Is Scientific Evidence or Subjective Experience a More Effective Way to Convince Someone of a Scientific Fact?

Although almost all scientists agree that global warming is occurring, according to a 2010 Gallup poll, only half of American adults report holding such a belief. Given that people seem not to simply consult expert opinion, what variables influence people’s belief?

In our research, we find that people’s scientific beliefs can be influenced by their subjective experience, even when that experience provides them with no diagnostic information. For example, we find that when people feel warmer—either because they are out in the hot sun or even because they are in an overheated room—they believe in global warming more. Our results suggest that warmth influences belief because it causes people to more vividly imagine what a hot world would be like. The clarity of this simulation, in turn, makes people more likely to believe in global warming. In another experiment, we found that participants who were led to experience thirst by eating pretzels were more likely to agree that desertification and drought will increasingly threaten people’s ability to find fresh drinking water. This further validates the finding that people will judge a certain condition of the world as more likely if it fits with what they are experiencing at that moment.

Although our research documents how subjective experience can influence scientific belief, it is important to note that our studies do not compare the role of subjective experience with the role of scientific evidence. If people were presented with scientific evidence in our studies, it is likely that the evidence would also influence people’s belief.

Let us consider two factors that may make subjective experience an especially effective method for convincing people of a scientific fact.

First, subjective experience is most likely to influence beliefs that are informed by a process of imagination or simulation. Our results suggest that people’s belief in global warming is informed by imagining what a hot world would be like. If people are unable to simulate an outcome or process, however, then subjective experience may play less of a role. For example, the belief that HIV turns into AIDS is unlikely to be informed by someone’s subjective experience.
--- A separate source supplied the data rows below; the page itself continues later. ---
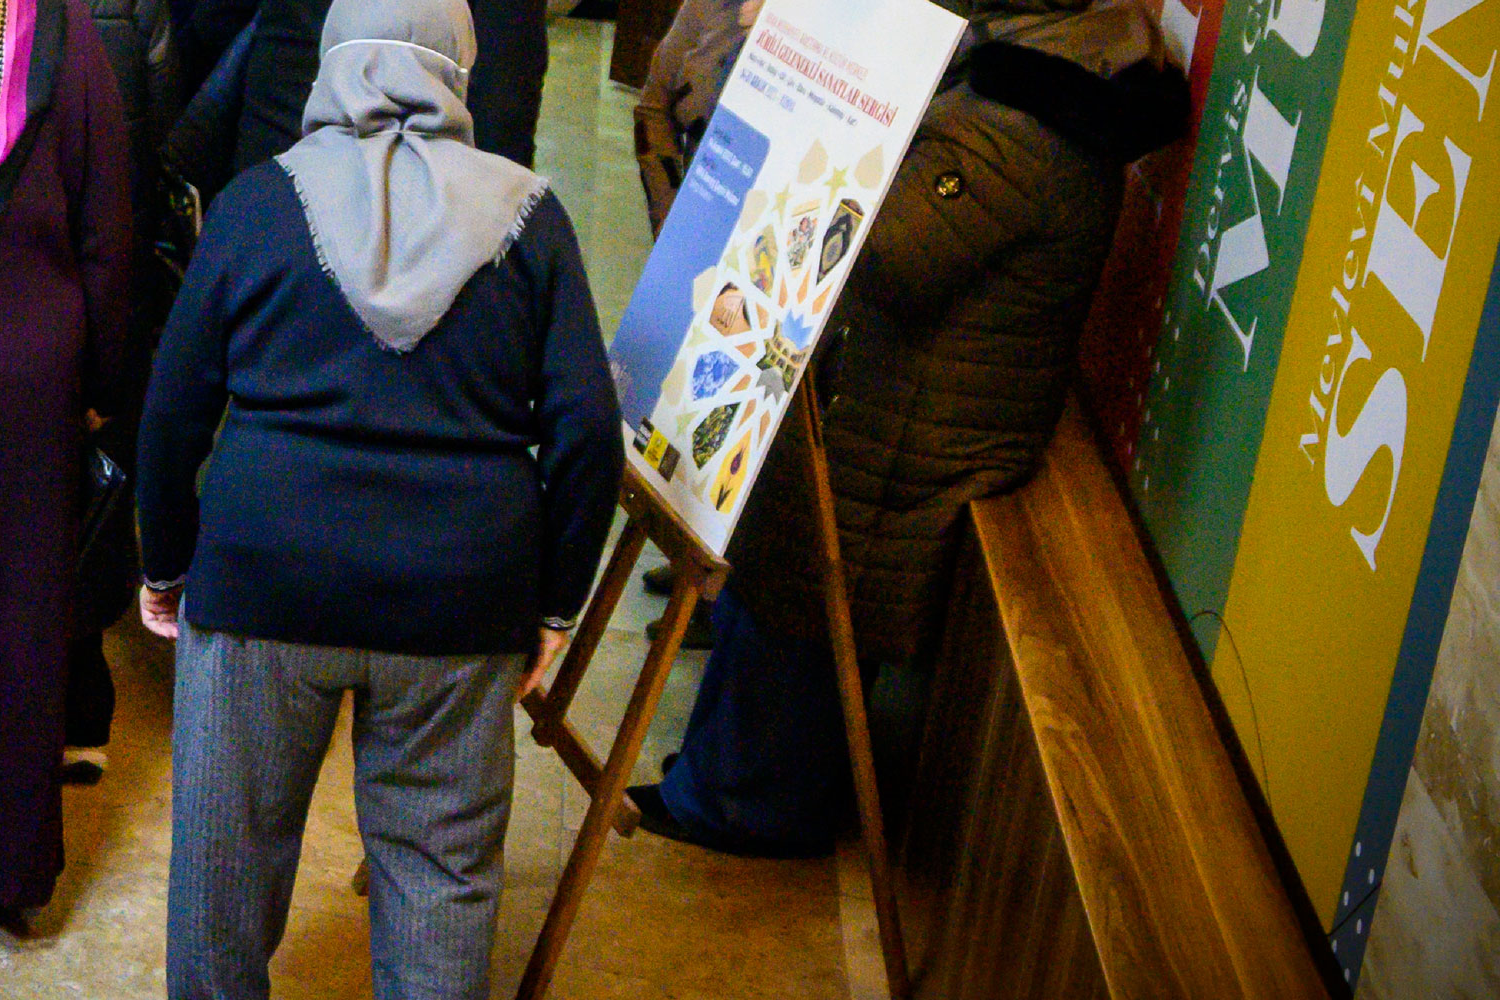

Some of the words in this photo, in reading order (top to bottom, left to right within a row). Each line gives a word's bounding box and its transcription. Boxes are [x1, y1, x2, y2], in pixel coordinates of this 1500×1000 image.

[815, 69, 862, 107] SANATLAR
[856, 96, 898, 127] SERGİSİ
[1194, 78, 1248, 299] Derviş
[1299, 176, 1375, 470] Mevlevî
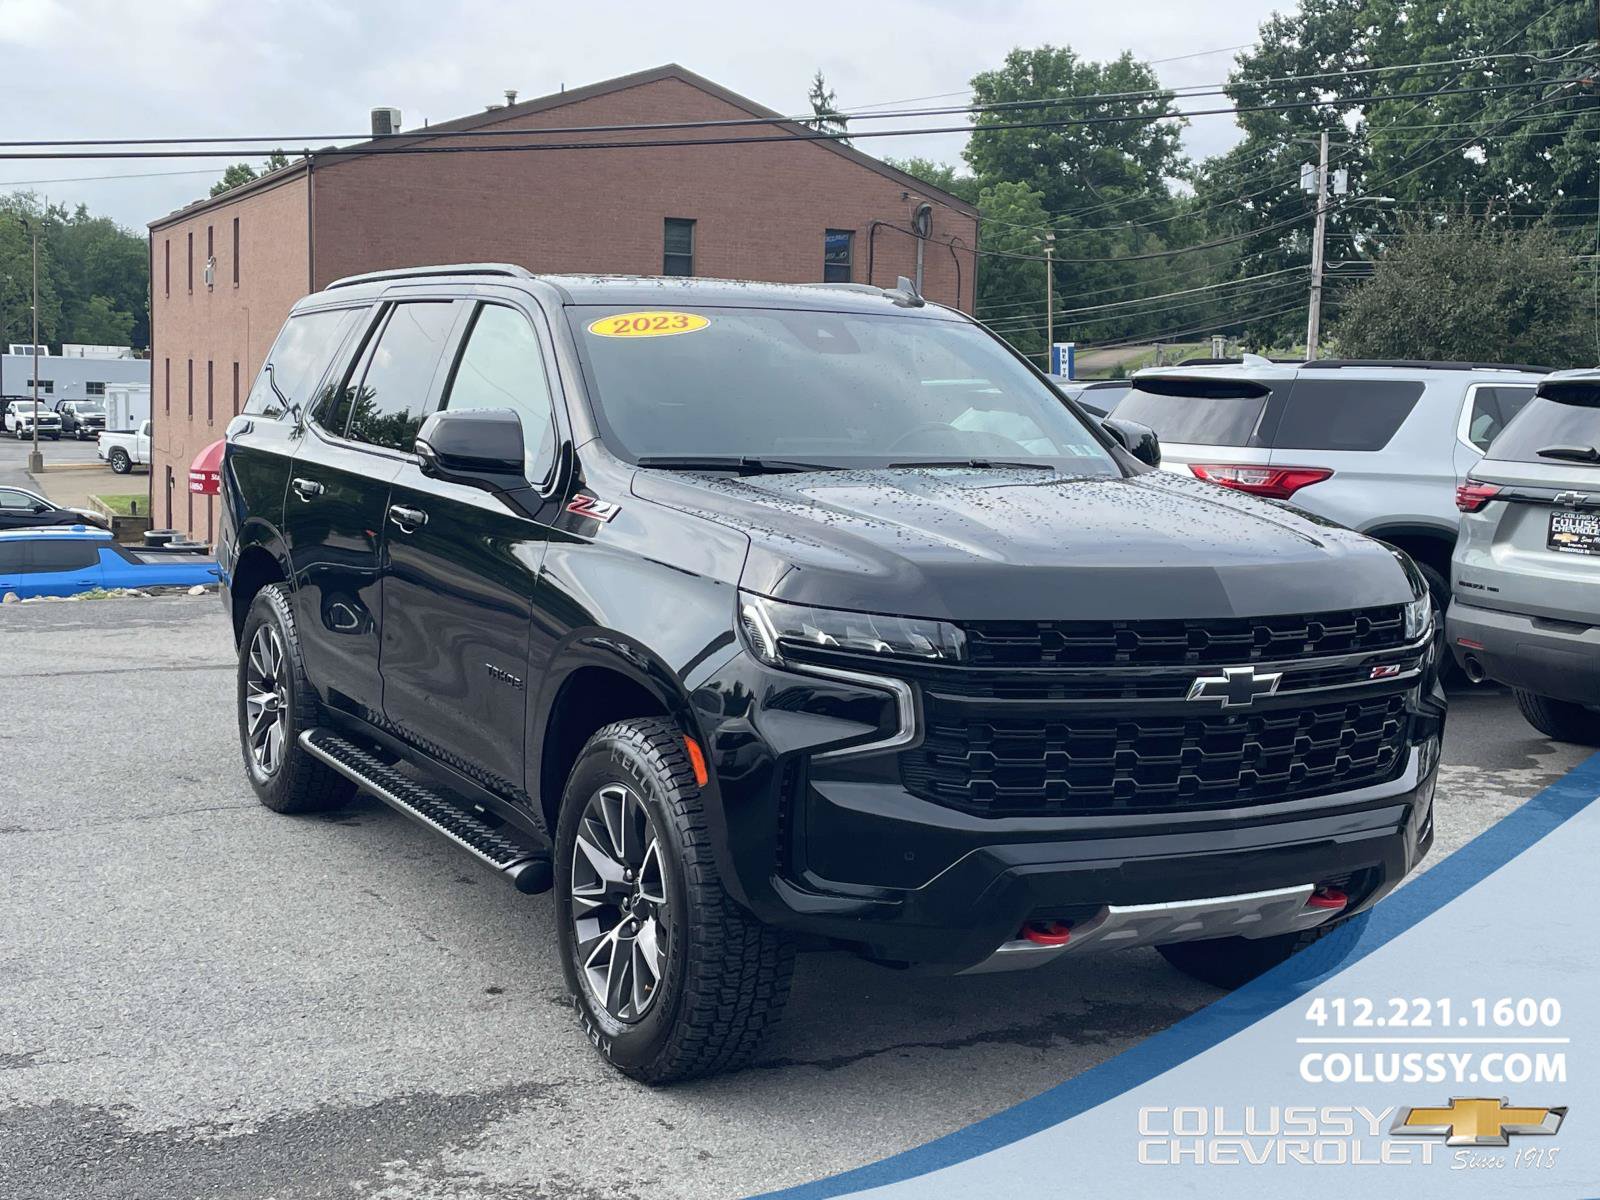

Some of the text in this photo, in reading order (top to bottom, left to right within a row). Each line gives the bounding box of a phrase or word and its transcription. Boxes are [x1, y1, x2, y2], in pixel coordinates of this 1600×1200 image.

[613, 315, 689, 334] 2023
[1552, 517, 1600, 529] COLUSS
[485, 663, 523, 691] TAHOE
[610, 747, 660, 802] KELLY
Second, if people are motivated not to believe scientific evidence because it challenges their broader belief system, then subjective experience may be more effective in “sneaking under the radar.” We found that feeling warm influences liberals and conservatives similarly. If our participants were presented with scientific evidence, however, it is very likely that those participants who were motivated not to believe in global warming would doubt the evidence that was presented to them.

Although there is no doubt that scientific evidence is an important method for convincing people of scientific facts, our research suggests that factors that facilitate the ability to picture what that future event would look and feel like may at times exert a strong (if not stronger) effect.

Jane Risen is a professor of behavioral science at the University of Chicago Booth School of Business.

Category: Q&A

Tagged:

One Response

  1. Ted Krasnicki says:

    The first sentence of this article betrays the title question: “almost all scientists agree that global warming is occurring”. What does she mean by “almost all”, and what scientific evidence does she cite for that claim?
    Just last month an important study in Nature Geoscience has cast doubt on the exaggerated claims of the IPCC about the melting of the Himalayan glaciers. It seems that there is quite a bit of bias in that statement “almost all”.
    If anything, Risen’s research shows how subjective bias affects one’s understanding of what constitutes a scientific “fact” and how such a “fact” is to be interpreted.
    Which, of course, raises the whole issue about whether the social sciences including psychology are sciences in the first place. The hallmark of a modern science is its predictive ability. According to this behavioural study, does it mean that when I am hot I will believe that the world is getting warmer? Exactly what does this study predict about me or other individual human beings?
    If the social sciences in general have little (if any) predictive ability, then they are not sciences, but pseudo-sciences.